U.S. firm's shares soar 355% after contract win

Increase, which is a record surge, is affirmation for bullish investors

U.S. firm's shares soar 355% after contract win

BigBear.ai soared as much as 355% Thursday, the most on record, after the US Air Force awarded a contract valued at up to $900 million.

The artificial intelligence analytics company will compete for task orders delivering systems, capabilities and synthetic environments under an indefinite delivery and quantity contract. The task orders are expected to be completed by 2032, the company said in a statement. 

For the company — which has a market value of roughly $379 million — the deal may be read as an affirmation for investors that BigBear.ai is not just another flash in the pan. 

Read more from QuickTake: ChatGPT — Eloquent Robot or Misinformation Machine?

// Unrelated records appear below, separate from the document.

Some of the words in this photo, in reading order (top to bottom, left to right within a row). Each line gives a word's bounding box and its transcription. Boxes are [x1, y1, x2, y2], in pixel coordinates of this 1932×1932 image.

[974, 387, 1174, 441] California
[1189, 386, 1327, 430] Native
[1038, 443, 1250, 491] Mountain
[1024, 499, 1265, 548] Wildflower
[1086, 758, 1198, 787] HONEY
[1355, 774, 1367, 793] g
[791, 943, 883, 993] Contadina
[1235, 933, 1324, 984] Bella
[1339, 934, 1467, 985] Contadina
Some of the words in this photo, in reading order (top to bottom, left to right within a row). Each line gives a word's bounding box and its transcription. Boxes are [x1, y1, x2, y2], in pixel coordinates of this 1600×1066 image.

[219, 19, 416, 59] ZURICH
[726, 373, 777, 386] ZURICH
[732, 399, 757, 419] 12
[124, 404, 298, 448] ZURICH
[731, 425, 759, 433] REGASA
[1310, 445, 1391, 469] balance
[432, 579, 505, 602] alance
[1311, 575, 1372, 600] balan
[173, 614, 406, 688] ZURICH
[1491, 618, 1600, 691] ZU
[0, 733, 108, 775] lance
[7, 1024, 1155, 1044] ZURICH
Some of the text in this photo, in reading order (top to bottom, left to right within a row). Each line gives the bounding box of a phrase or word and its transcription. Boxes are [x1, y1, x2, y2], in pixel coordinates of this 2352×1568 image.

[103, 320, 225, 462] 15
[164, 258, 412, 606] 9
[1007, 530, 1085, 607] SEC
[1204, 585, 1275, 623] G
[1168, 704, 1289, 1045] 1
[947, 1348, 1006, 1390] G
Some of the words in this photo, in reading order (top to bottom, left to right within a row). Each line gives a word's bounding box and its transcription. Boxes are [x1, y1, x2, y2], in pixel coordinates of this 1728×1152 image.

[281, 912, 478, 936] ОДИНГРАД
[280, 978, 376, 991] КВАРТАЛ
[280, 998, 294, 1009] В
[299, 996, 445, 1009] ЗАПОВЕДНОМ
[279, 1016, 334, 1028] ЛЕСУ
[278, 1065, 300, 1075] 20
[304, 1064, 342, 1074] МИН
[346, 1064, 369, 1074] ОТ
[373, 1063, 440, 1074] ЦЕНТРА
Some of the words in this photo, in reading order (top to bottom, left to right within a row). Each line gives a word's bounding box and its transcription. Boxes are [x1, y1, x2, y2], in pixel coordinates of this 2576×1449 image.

BigBear.ai’s shares tumbled 88% last year amid a broader selloff in risky assets with high-growth potential — like technology companies. The onslaught of criticism over artificial intelligence after the release of OpenAI’s viral chatbot, ChatGPT, late last year hasn’t helped the stock. ChatGPT faces scrutiny over fears it can be misused by malicious players, like scammers and hackers.

Still, Fortune 500 companies — like Microsoft Corp. — and the US government are embracing AI. The technology giant is mulling an as much as $10 billion investment in ChatGPT, Bloomberg has reported. The State Department has kicked off a series of initiatives to support AI development and incorporate it into their systems.

BigBear.ai was up 261% to $3.06 at 12:10 p.m. in New York. 

Meanwhile, heading in the opposite direction, Americanas SA, the Brazilian retailer that counts billionaire Jorge Paulo Lemann among its main backers sank 76% after its new chief executive officer departed after finding billions of dollars of accounting “inconsistencies.”  

Banks including Morgan Stanley, Itau BBA and Bradesco BBI rushed to place their forecasts for Rio de Janeiro-based Americanas under review after the news, announced by the company Wednesday evening in a regulatory filing. Among the issues found are debts with banks from supplier financing operations that aren’t adequately reflected in financial statements as of Sept. 30.

“We have limited visibility on the extent of the accounting inconsistencies,” Morgan Stanley analysts led by Andrew Ruben wrote in a note, moving their rating for the stock to not-rated from overweight.

Bonds tumbled 40 cents on the dollar in trading on Thursday, according to Trace pricing data.